--- START ---

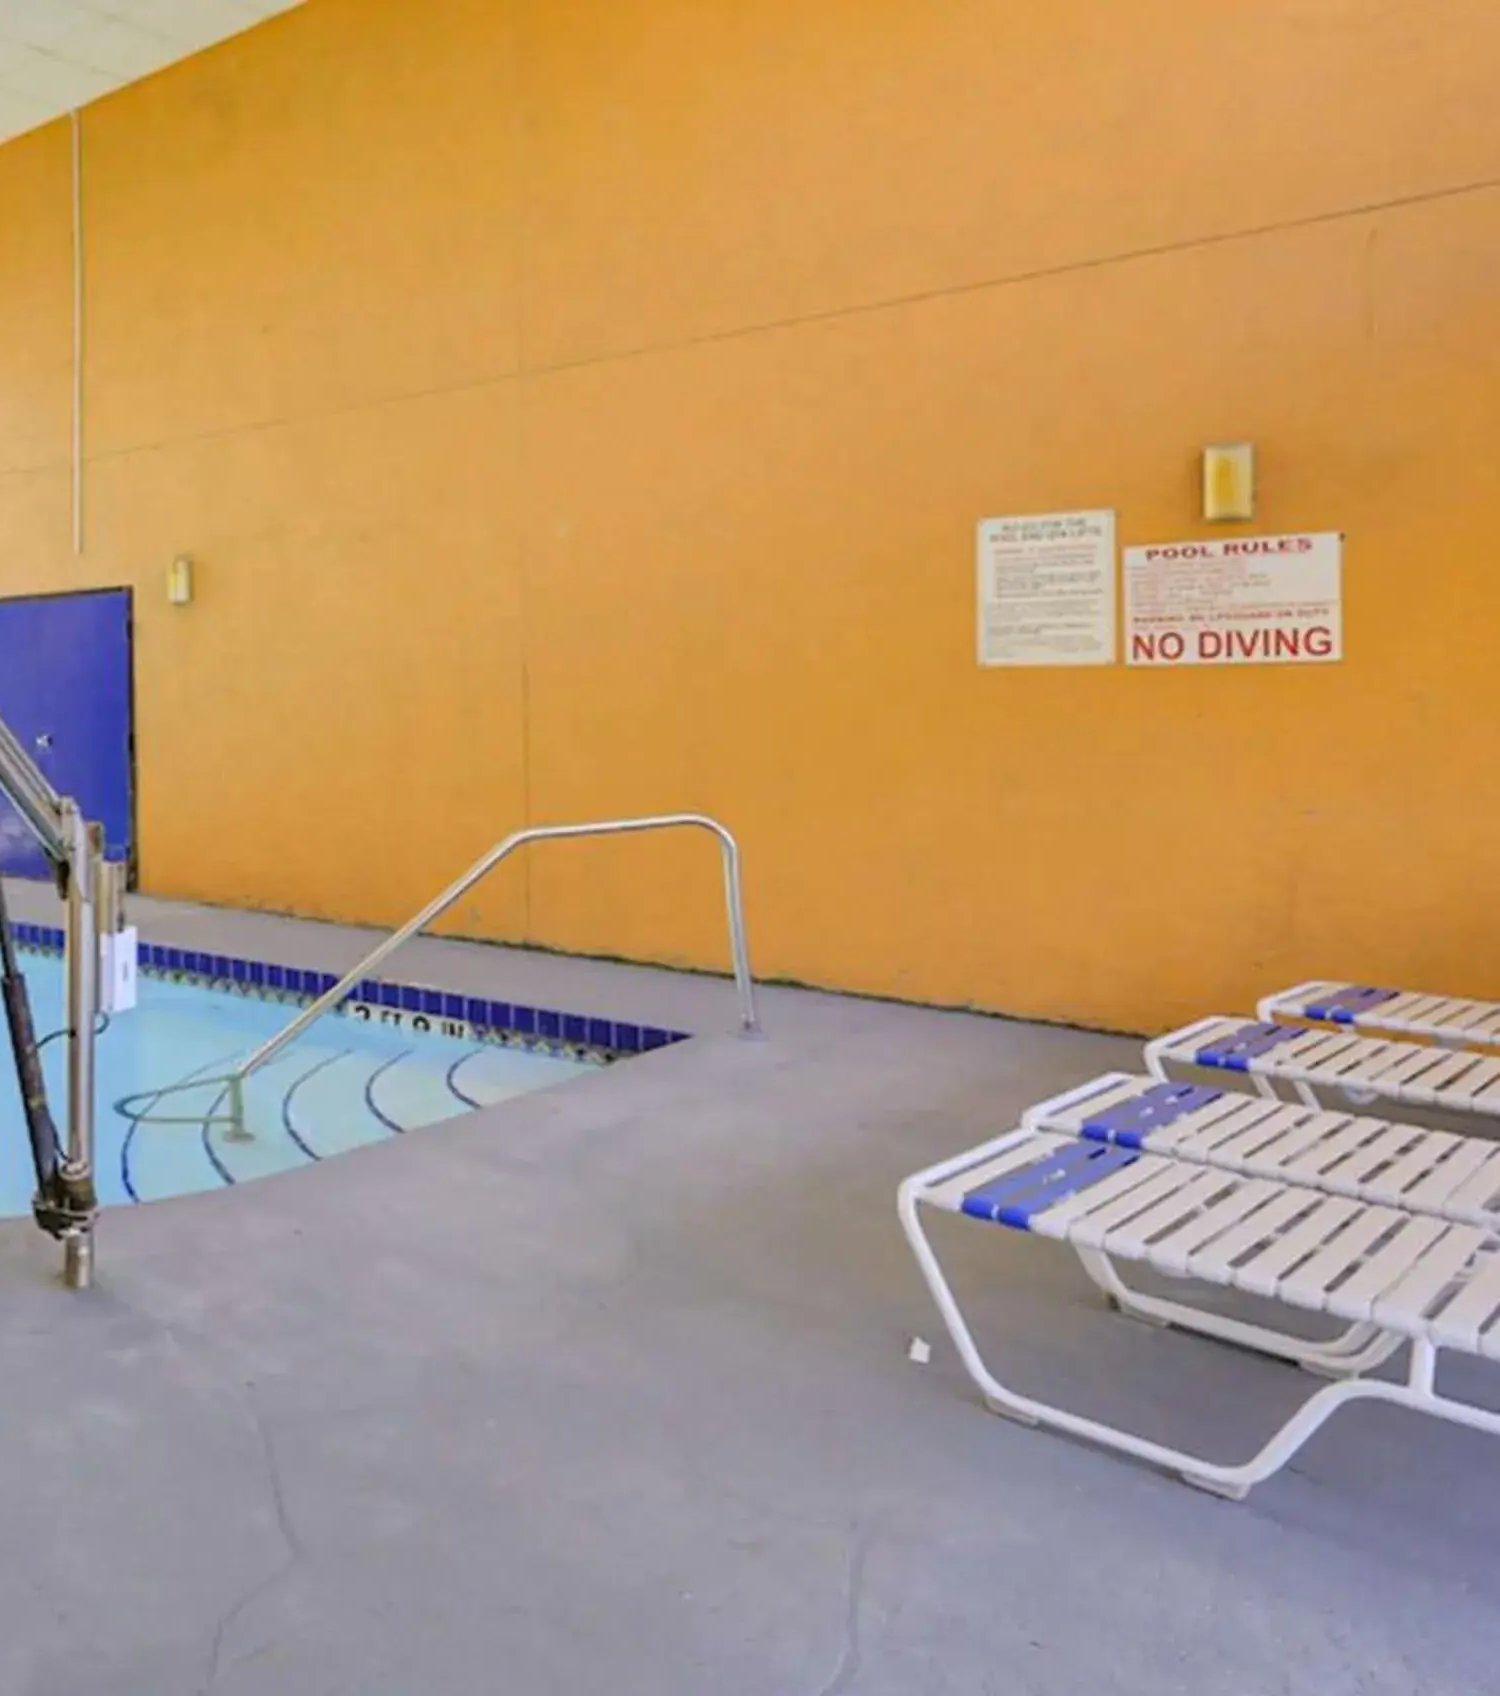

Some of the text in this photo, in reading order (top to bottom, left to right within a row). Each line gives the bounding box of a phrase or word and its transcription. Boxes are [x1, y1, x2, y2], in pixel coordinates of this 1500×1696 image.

[1145, 538, 1313, 561] POOL RULES
[1133, 626, 1332, 660] NO DIVING
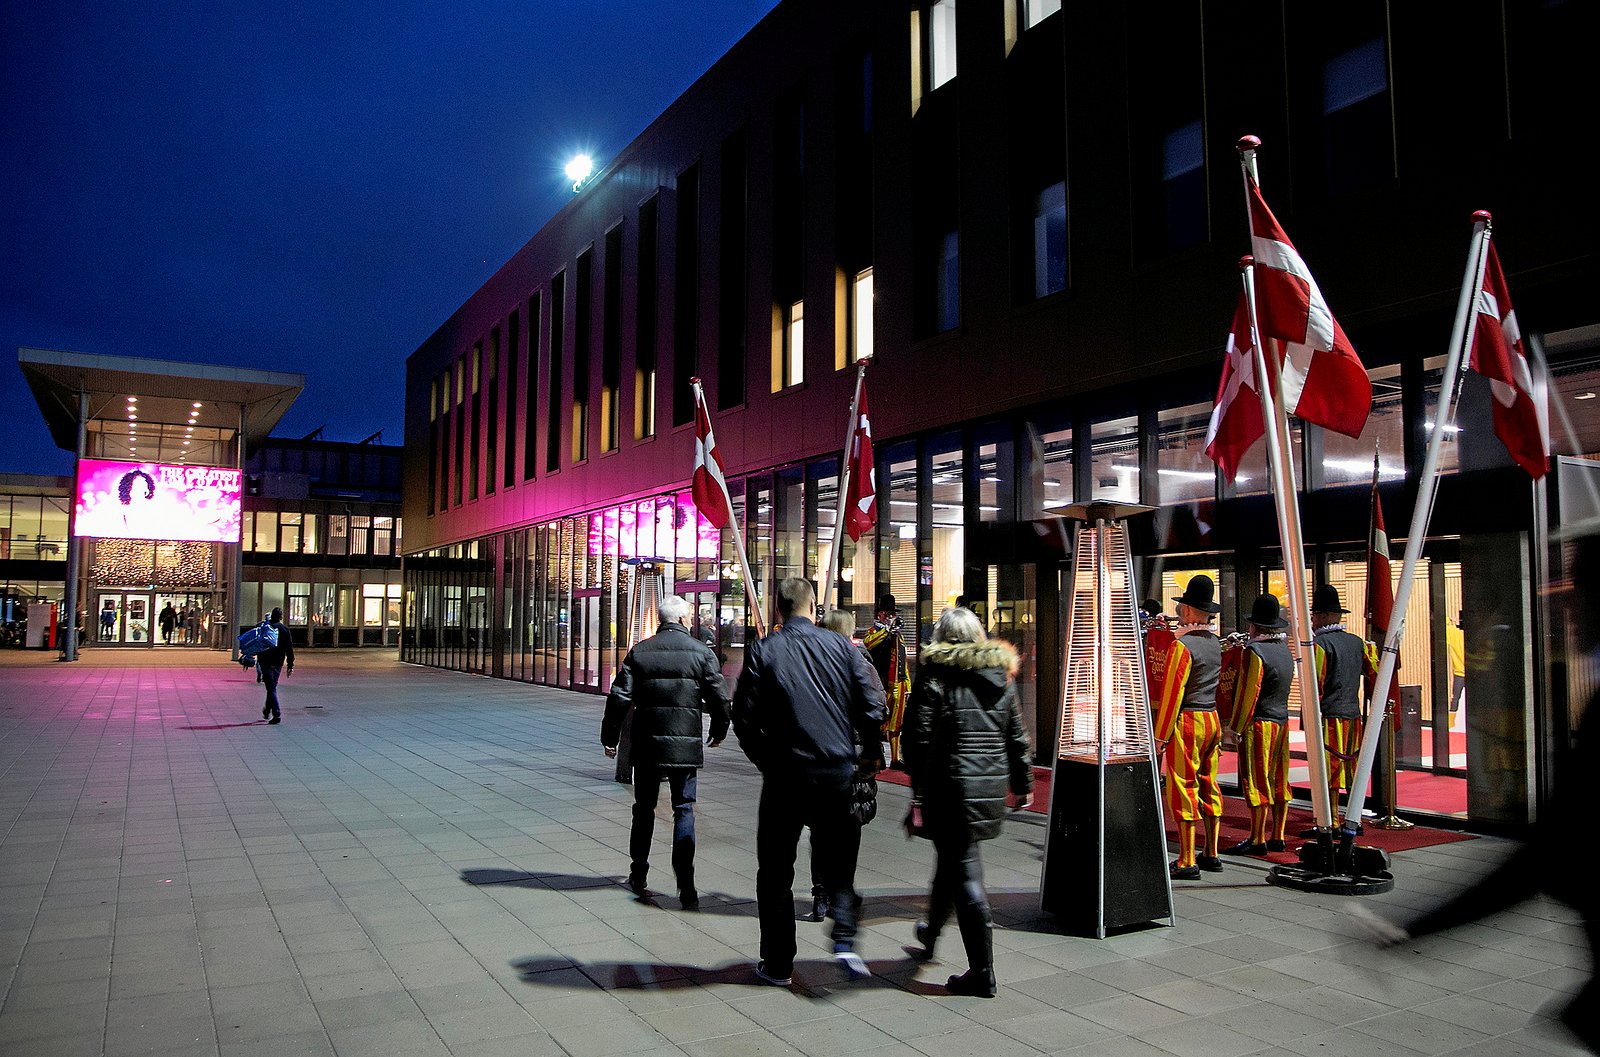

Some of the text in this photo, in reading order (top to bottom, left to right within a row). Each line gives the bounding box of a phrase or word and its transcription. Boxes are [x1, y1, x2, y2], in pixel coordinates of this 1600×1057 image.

[159, 467, 240, 480] THE GREATEST
[216, 480, 239, 492] ALL

--- END ---

→ **What you are asked to do**
The data above must be written out again word for word, without its pictures.

→ **Task output**
Some of the text in this photo, in reading order (top to bottom, left to right within a row). Each line gives the bounding box of a phrase or word and its transcription. Boxes are [x1, y1, x2, y2], in pixel coordinates of this 1500×1696 image.

[1145, 538, 1313, 561] POOL RULES
[1133, 626, 1332, 660] NO DIVING

Some of the text in this photo, in reading order (top to bottom, left to right within a row). Each line gives the bounding box of a phrase or word and its transcription. Boxes are [x1, y1, x2, y2], in pixel coordinates of this 1600×1057 image.

[159, 467, 240, 480] THE GREATEST
[216, 480, 239, 492] ALL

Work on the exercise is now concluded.